Task inputs Block Start

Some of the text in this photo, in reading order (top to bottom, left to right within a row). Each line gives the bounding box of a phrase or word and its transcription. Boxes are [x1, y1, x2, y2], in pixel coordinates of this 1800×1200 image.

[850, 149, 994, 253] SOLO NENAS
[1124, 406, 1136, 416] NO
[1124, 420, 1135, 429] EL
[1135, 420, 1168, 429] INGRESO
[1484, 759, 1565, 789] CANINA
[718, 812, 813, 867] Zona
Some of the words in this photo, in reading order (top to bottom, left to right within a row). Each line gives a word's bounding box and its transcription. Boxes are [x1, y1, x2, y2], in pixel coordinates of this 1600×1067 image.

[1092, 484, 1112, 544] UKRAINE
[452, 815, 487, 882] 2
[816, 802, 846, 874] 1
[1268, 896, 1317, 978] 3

Task inputs Block End

Problem statement ▸
Write out the line containing "Some of the words" and every line after it through the end of the entries. Keep each one exactly as it is, and add nothing.

Result of the exercise ▸
Some of the words in this photo, in reading order (top to bottom, left to right within a row). Each line gives a word's bounding box and its transcription. Boxes are [x1, y1, x2, y2], in pixel coordinates of this 1600×1067 image.

[1092, 484, 1112, 544] UKRAINE
[452, 815, 487, 882] 2
[816, 802, 846, 874] 1
[1268, 896, 1317, 978] 3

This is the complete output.